▶ **Work required**
Leave the pictures out, and print everything else in the records exactly.
= = = =
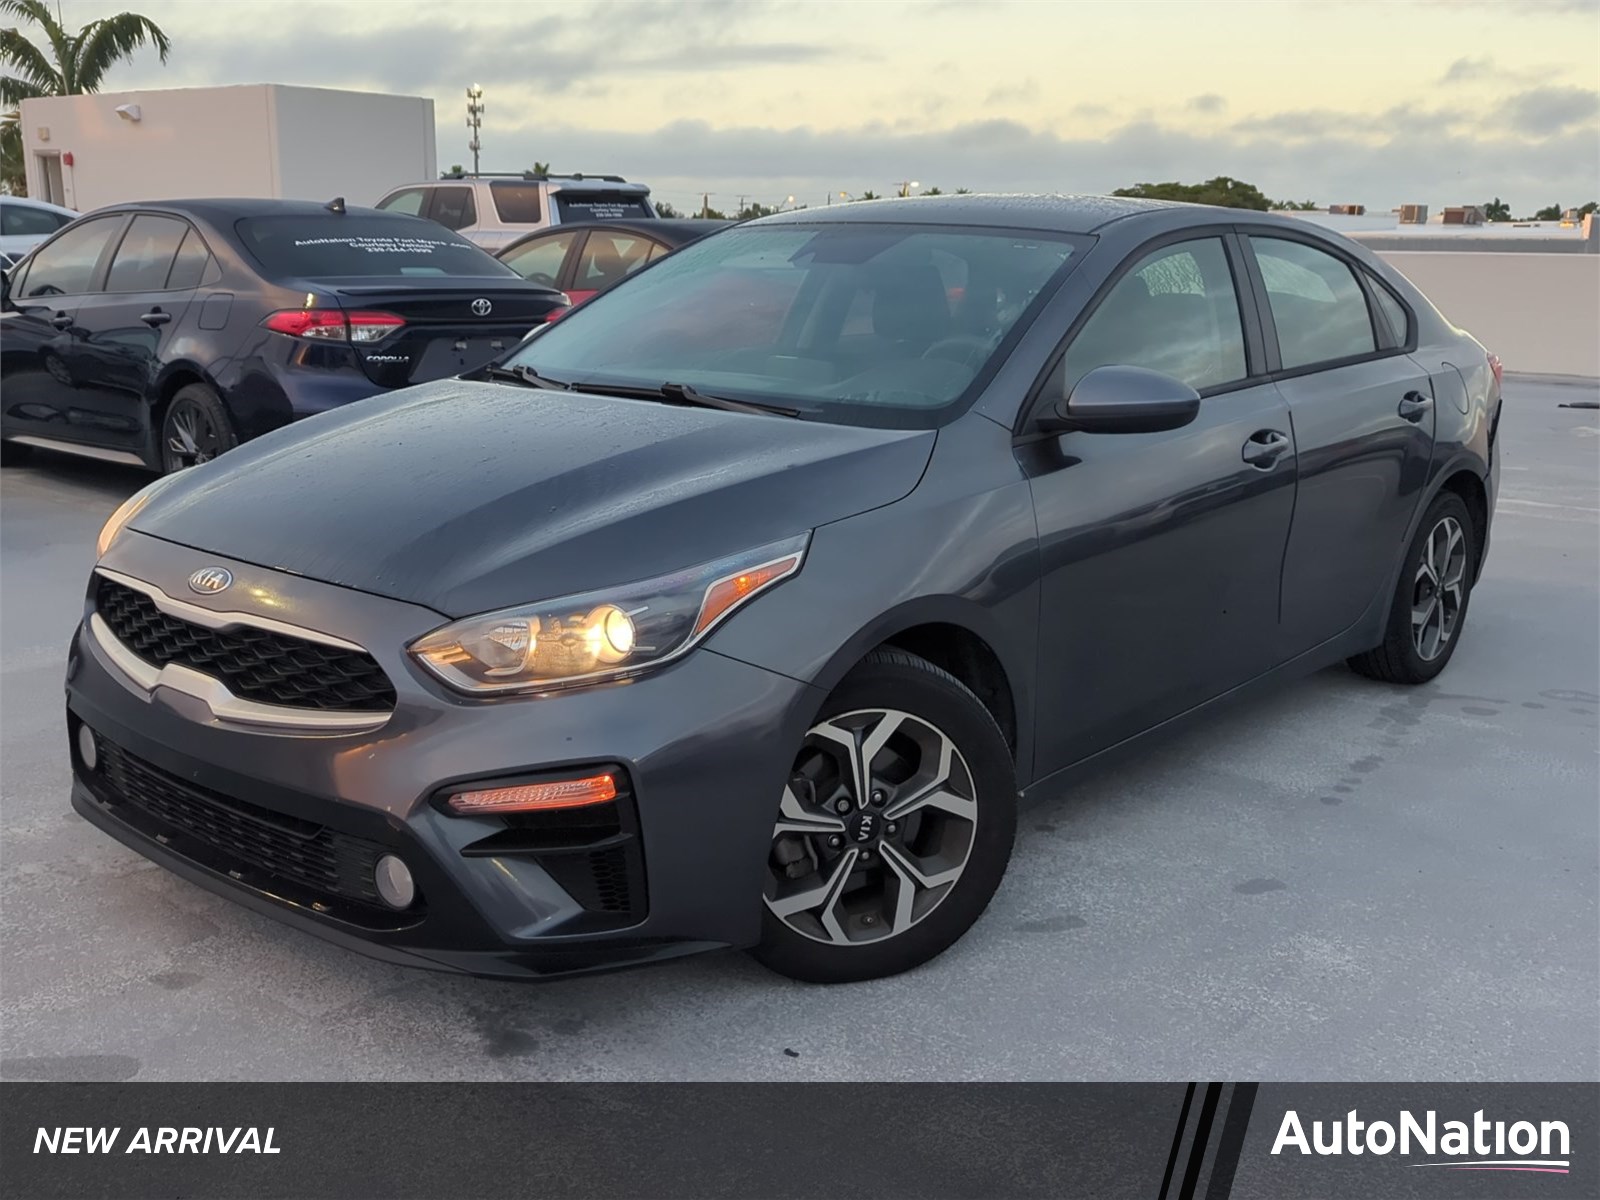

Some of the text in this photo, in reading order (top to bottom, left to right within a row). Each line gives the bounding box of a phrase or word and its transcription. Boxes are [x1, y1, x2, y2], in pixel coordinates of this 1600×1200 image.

[295, 237, 356, 247] AutoNation
[356, 236, 393, 244] Toyota
[192, 570, 224, 589] KIA
[858, 815, 873, 840] KIA
= = = =
▶ **Finished exercise**
Some of the text in this photo, in reading order (top to bottom, left to right within a row). Each line gives the bounding box of a phrase or word and its transcription. Boxes are [x1, y1, x2, y2], in pixel coordinates of this 1600×1200 image.

[295, 237, 356, 247] AutoNation
[356, 236, 393, 244] Toyota
[192, 570, 224, 589] KIA
[858, 815, 873, 840] KIA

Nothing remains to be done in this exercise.